Lipid-anchored Proteoliposomes
Syb2 proteins lacking their TMD were attached to liposomes via cysteine residue(s). Briefly, the syb2 proteins were dialyzed overnight at 4 °C against cross-linking buffer (25 mm HEPES-KOH, pH 7.4, 200 mm NaCl, 5 mm tris(2-carboxyethyl)phosphine). The protein was quantified by SDS-PAGE and stained with Coomassie Blue; concentrations were determined using a BSA standard curve. Lipids stored in chloroform were mixed (45% palmitoyloleoylphosphatidylcholine, 25% POPE, 25% dioleoylphosphatidylserine, 5% POPE-maleimide) and dried under a stream of nitrogen and lyophilized as mentioned above. The lipid film was hydrated to 3 mm (total lipid) with cross-linking buffer and formed into vesicles by extrusion through a 100-nm filter (Avanti Polar Lipids). Extruded vesicles (500 μl) were incubated with 50 μm protein overnight at 4 °C; the reaction was quenched by addition of 5 mm DTT. Proteoliposomes were floated through an Accudenz (Accurate Chemical) density gradient to remove unincorporated proteins as described previously (23, 24). POPE-maleimide was purchased from NOF America Corp. All other lipids were purchased from Avanti Polar Lipids.
In Vitro Fusion Assay
Lipid mixing experiments were carried out as described previously (24). Briefly, 100-μl reactions containing 4.5 μl of t-SNARE liposomes, 0.5 μl of v-SNARE liposomes, 1 μm synaptotagmin 1 C2AB, and 0.2 mm EGTA were incubated at 37 °C for 20 min, followed by the addition of 1 mm Ca2+ (arrows in Fig. 5). Fluorescence signals were measured using a BioTek synergy plate reader equipped with 460/40 excitation and 530/25 emission filters. Addition of 25 μl of 2.5% n-dodecyl maltoside was used to obtain the maximal dequenching signal to normalize the data. ΔTMD-94 (5 μm) was included in a subset of reactions to inhibit SNARE-mediated fusion.
Results
We tested four lipid-anchored syb2 constructs, two cytosolic syb2 constructs, full-length syb2, and constructs with fluorescent protein tags at either the C or N terminus (Fig. 1; “Experimental Procedures”). Three lipid-anchored constructs were truncated at the last residue of the linker before the TMD (residue 94) and had various cysteine-harboring sequences appended to the C terminus. ΔTMD-CIIL contains a geranylgeranylation site (9); ΔTMD-LC was used previously in tests of liposome fusion (10), and ΔTMD-CAC contains a well known prenylation motif. We also generated a CSPα construct designated ΔTMD-CSPα by subcloning the intact sequence of Syb2ΔTMR#1 (used by Zhou et al. (13)) into our expression vector. The connection between syb2 and the C terminus of CSPα was not modified. In this construct the first 92 residues of syb2 (from the N terminus) were followed by 81 residues of the CSPα C terminus, which includes a palmitoylation sequence, CCYCCCCLCCCFNCCCGKC. These proteins provide single (ΔTMD-CIIL and ΔTMD-LC), double (ΔTMD-CAC), and multiple (ΔTMD-CSPα) sites for post-translational acylation of long hydrocarbon chains.

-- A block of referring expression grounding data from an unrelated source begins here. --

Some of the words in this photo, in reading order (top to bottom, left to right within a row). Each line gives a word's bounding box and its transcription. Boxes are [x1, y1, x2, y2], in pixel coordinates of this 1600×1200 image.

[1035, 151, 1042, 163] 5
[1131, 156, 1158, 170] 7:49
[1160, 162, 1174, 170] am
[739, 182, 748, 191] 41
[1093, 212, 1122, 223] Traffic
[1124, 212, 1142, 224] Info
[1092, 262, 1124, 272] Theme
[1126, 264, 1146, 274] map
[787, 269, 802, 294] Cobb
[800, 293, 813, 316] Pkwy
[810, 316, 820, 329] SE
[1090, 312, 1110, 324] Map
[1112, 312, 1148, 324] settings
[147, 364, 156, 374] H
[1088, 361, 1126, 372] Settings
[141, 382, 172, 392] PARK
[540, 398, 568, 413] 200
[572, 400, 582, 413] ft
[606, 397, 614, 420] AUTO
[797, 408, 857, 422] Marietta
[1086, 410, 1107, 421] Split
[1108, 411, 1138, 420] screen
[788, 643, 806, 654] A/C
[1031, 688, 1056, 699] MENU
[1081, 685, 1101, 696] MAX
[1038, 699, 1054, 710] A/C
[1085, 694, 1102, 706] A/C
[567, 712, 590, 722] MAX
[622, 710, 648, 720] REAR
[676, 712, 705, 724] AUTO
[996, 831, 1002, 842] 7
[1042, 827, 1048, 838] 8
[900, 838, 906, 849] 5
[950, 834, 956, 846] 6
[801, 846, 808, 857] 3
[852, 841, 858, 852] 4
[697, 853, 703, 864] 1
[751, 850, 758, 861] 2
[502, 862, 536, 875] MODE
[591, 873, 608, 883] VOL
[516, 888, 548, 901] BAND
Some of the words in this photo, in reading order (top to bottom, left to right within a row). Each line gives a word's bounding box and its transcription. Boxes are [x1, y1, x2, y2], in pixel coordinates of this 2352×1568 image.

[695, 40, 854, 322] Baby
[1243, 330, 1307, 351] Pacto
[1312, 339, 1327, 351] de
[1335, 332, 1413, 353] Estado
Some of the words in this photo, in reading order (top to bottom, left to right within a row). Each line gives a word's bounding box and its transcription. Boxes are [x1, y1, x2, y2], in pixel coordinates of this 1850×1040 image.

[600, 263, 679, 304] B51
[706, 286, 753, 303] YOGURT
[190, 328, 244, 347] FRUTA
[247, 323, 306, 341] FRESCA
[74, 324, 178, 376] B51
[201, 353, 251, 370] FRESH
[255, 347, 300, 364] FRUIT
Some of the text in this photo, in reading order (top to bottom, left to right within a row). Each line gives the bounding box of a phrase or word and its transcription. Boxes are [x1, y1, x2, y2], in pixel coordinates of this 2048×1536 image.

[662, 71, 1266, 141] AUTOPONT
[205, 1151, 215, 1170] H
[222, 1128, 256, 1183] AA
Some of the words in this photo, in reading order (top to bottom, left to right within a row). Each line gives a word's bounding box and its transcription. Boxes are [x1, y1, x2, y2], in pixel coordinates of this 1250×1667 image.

We truncated syb2 at amino acids 84 and 94 to generate two cytosolic syb2 mutants (ΔTMD-84 and ΔTMD-94) that respectively omit or include the linker between the SNARE motif and TMD. We generated N-terminal EGFP-tagged constructs for all lipid-anchored syb2, cytosolic syb2 constructs, and WT to provide an expression marker. To control for the N-terminal EGFP tag, we subcloned WT syb2, ΔTMD-CSPα, and ΔTMD-CIIL without tags into a bicistronic vector from which EGFP was expressed from an IRES2. In addition to full-length syb2 with an N-terminal tag (EGFP-Syb2), we tested the control protein used by Zhou et al. (13), WT syb2 with a C-terminal mVenustag (Syb2-RST-mVenus) in which the sequence RST served as the linker.
Endocrine Release
To assay syb2 constructs in endocrine release, we prepared cultured chromaffin cells from double knock-out (DKO) mice lacking the major dense-core vesicle SNAREs syb2 and cellubrevin. In contrast to chromaffin cells from WT mice, DKO chromaffin cells display very low secretion (20). We used amperometry recording to assay catecholamine release from individual chromaffin cells in response to depolarization by local application of a solution containing 105 mm KCl. We confirmed the poor secretion of DKO chromaffin cells (Fig. 2A) and found that DKO cells expressing WT syb2, with or without an N-terminal EGFP tag, secreted vigorously at levels comparable with littermate control cells; these cells all produced similar vesicle fusion frequencies of nearly 1 event/s (Fig. 2B) compared with ∼0.1 events/s in DKO cells with no syb2. The residual release in this background likely reflects the action of a non-canonical v-SNARE, as has been found to be the case for residual spontaneous release at synapses (25). However, the molecules responsible for residual release in chromaffin cells lacking syb2 and cellubrevin have not been identified. These data thus indicate that DKO chromaffin cells provide a suitable background for testing syb2 mutants. A large number of syb2 mutants with TMD substitutions also rescue Ca2+-triggered exocytosis in this system (8). By contrast, the syb2 construct with a C-terminal mVenus tag, Syb2-RST-mVenus (13), only weakly rescued secretion, increasing the frequency of release events ∼2-fold over background in DKO cells (Fig. 2B).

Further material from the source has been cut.